Learning Emacs - Part 1

February 12, 2015

It seems like there are a lot of die-hard fans of vim or emacs out there, and if you use a console editor, you’re in one camp or the other, but for me, the choice to learn vim was just a toss-up. I was pretty happy with Sublime Text 2 at the time. I had dabbled with screen and emacs at one point, and I had heard of vim. The only reason I decided to learn vim was because I met someone who used vim. And that was all it took. Now I knew someone who really used it. Their environment was beautiful, they were productive, and now I knew it was actually possible in the real world to use a console-based editor. So with that I dove right into vim and I’ve been using it full-time for over a year now.

I’m a vim guy

But I’m not a hard core, die hard fan of vim. I like it, but I can also see it’s quirks. And I’m trying to learn more about those quirks and learn how to make plugins. I’m reading Learn Vimscript the Hard Way, I’m subscribed to the vim subreddit, and I’m active on the new vi StackExchange.

But I’m also open to learning something new and possibly better. I’m willing to give emacs a try. And now I’ve met several people who have coded, or currently code in emacs. So tonight I decided to give it a shot. This was my experience.

Diving into Emacs

First I tried to follow this tutorial on Clojure with Emacs and I ended up installing the gui version of emacs, which isn’t what I wanted, but I guess that will actually come in handy as I’m learning, because it has menus and stuff if you forget the commands. Then it wanted me to add some stuff to my emacs config file, which is ~/.emacs.d/init.el. And to me that already seems like an overly complicated spot for a config file compared to vim’s ~/.vimrc, but that’s fine, I’m sure there’s a reason for it. And then I realized, I don’t know how to edit the file in emacs yet, so I used vim to add the text in the config.

I go back to emacs, tried running the commands to install the packages from the config with this command: M-x eval-buffer, and after not knowing if it worked (it hadn’t), I quit emacs and restarted. Actually I had no idea how to quit. I tried everything, I kept trying vim commands by habit, I even looked it up and couldn’t get it right. It turns out I was trying M-x M-c instead of C-x C-c.

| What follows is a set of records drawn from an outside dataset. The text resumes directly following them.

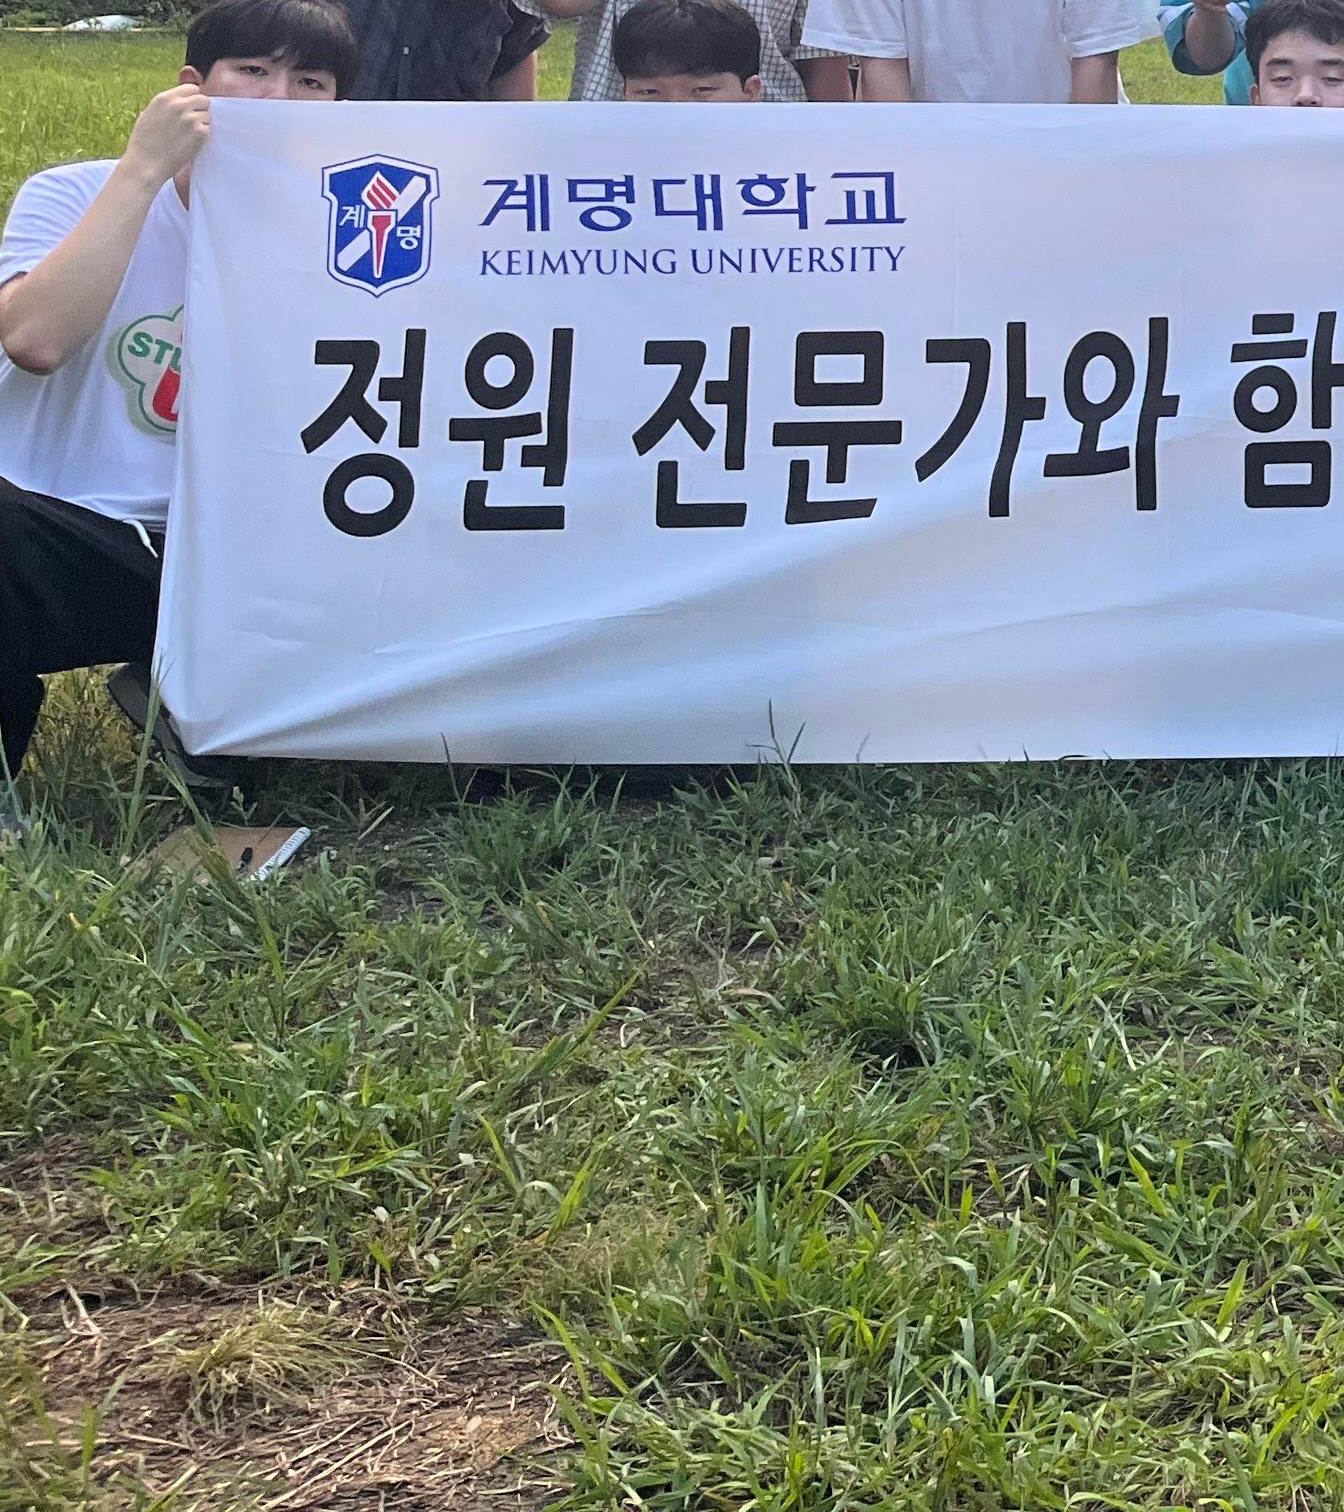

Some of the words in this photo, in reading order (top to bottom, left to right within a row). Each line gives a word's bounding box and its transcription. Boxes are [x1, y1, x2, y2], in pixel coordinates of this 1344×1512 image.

[338, 204, 366, 229] 계
[478, 171, 908, 232] 계명대학교
[396, 224, 422, 251] 명
[480, 248, 677, 276] KEIMYUNG
[690, 245, 906, 275] UNIVERSITY
[300, 326, 575, 538] 정원
[631, 316, 1181, 529] 전문가와
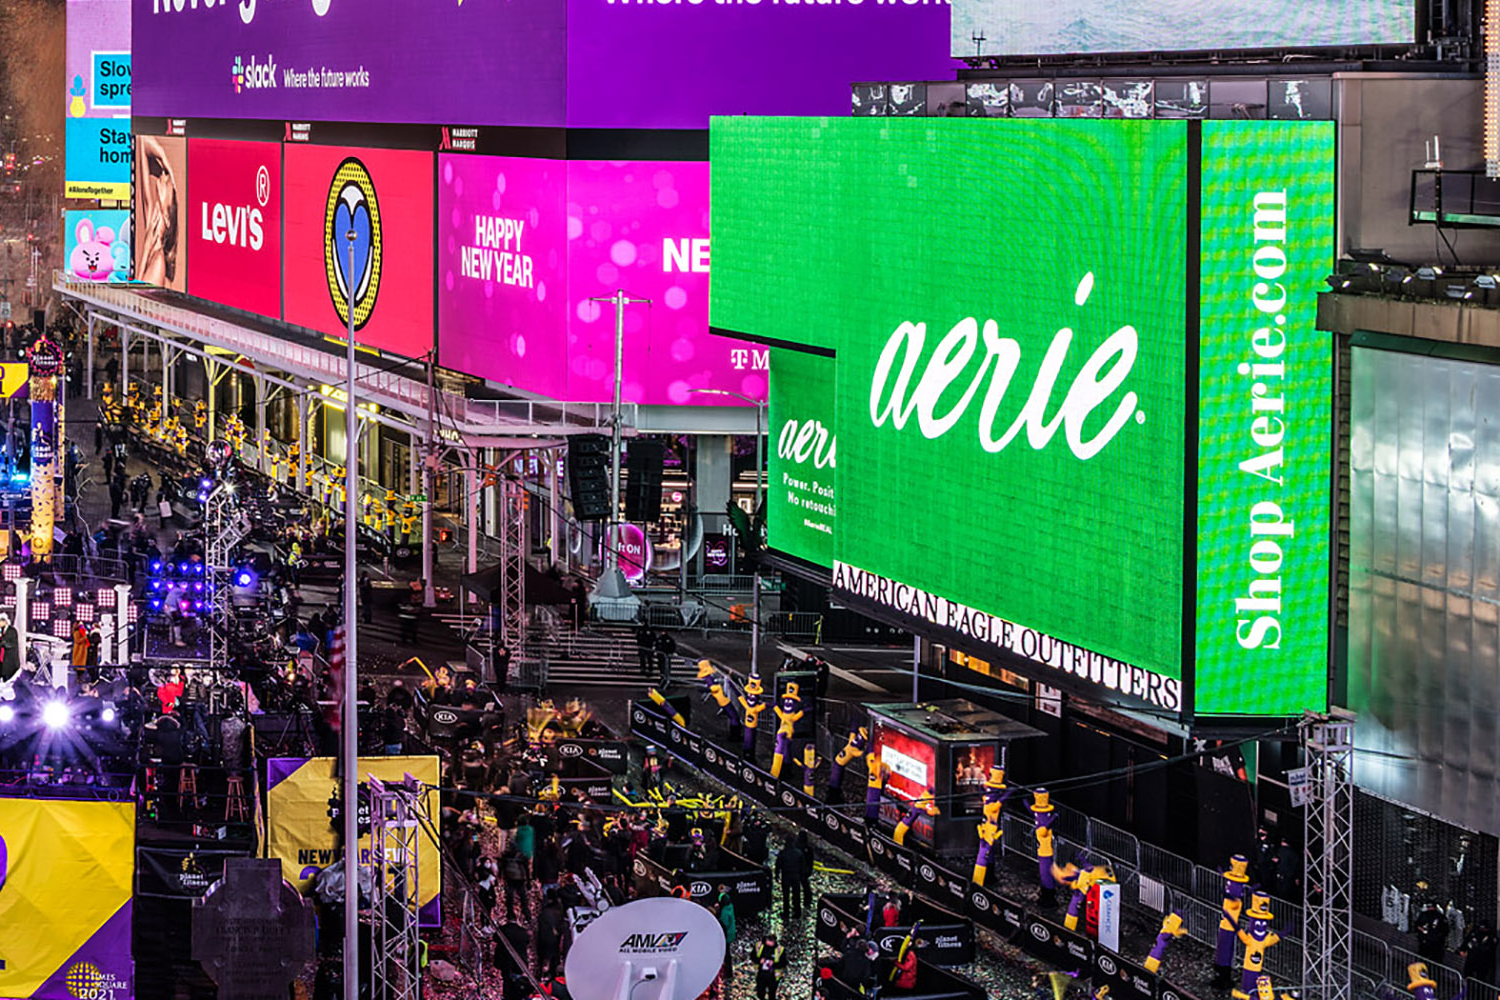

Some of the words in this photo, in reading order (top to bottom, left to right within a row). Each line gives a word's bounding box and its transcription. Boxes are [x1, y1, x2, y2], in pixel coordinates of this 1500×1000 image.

[245, 53, 277, 90] slack
[283, 68, 307, 87] Where
[307, 68, 320, 87] the
[321, 67, 345, 88] future
[345, 66, 370, 87] works
[475, 214, 524, 252] HAPPY
[461, 246, 495, 282] NEW
[492, 253, 534, 289] YEAR
[663, 238, 710, 273] NE
[1238, 186, 1289, 488] Aerie.com
[870, 271, 1138, 461] aerie
[787, 490, 799, 506] No
[801, 498, 837, 517] retouchi
[812, 480, 836, 499] Posit
[1235, 500, 1295, 651] Shop
[832, 562, 940, 627] AMERICAN
[945, 597, 1017, 654] EAGLE
[1020, 625, 1181, 711] OUTFITTERS
[298, 849, 331, 865] NEW
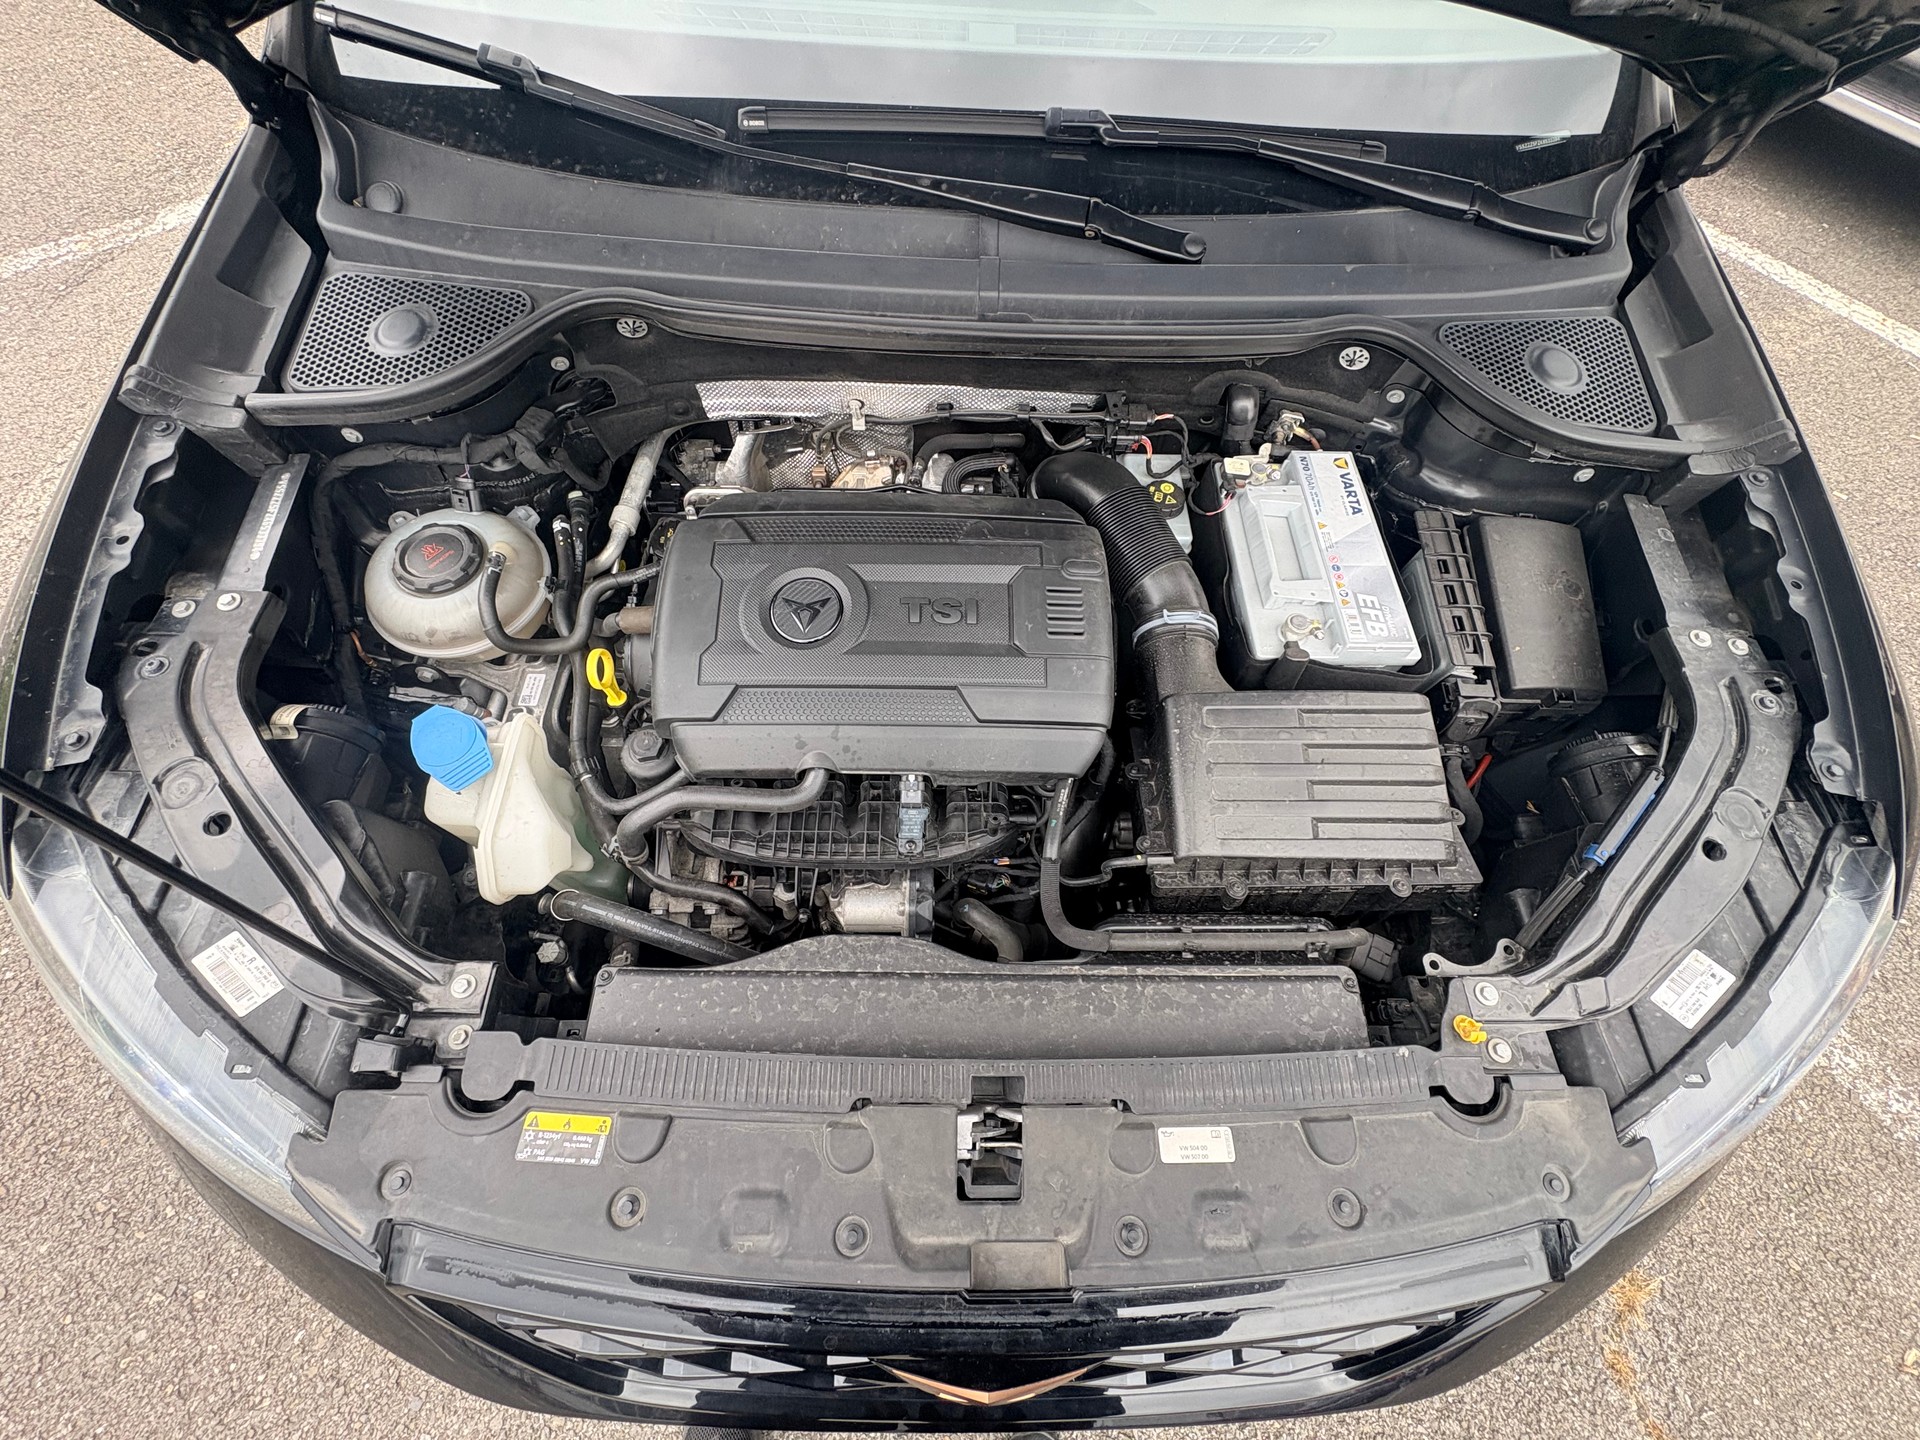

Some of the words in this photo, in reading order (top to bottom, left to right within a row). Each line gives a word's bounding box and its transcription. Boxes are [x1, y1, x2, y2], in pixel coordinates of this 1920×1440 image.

[1299, 456, 1310, 472] N70
[1306, 471, 1316, 492] 70Ah
[1339, 473, 1362, 516] VARTA
[900, 597, 979, 625] TSI
[1357, 593, 1388, 638] EFB
[1382, 605, 1398, 638] DYNAMIC
[247, 956, 256, 965] R

So then I realized I need to learn some basics before I can follow this tutorial, so I found a basic tutorial on emacs so I could at least open files and stuff.

So I open the .init.el file and then run M-x eval-buffer and it says it can’t find the better-defaults package (“Package `better-defaults-’ is unavailable”). So I remove the “better-defaults” part of the config (in emacs this time) and re-run the eval-buffer command. This time a bunch of stuff whizes by and it looks like it worked. Yay!

By this time the Clojure tutorial tells me to go through the built-in emacs tutorial, and even how to hit the emacs key combos like the one to get into the tutorial: C-h t. Thanks, I could have used that 5 minutes ago…

I start going through the tutorial, which is very similar to vim’s built-in tutorial, and I start to wonder if I could ever get used to it. Hitting the meta key is awkard. I wonder if it’s possible to hit it and leave you fingers on the home row. And I wonder if learning emacs would make me forget vim. I hope not. And my immediate reaction is: I don’t see how I could ever learn to like emacs as much as vim.

Next Time

Hopefully I’ll be posting more about my experience as I go along. I’ll share my triumphs and my failures, I’ll try to keep an open mind, and then I’ll share my final verdict.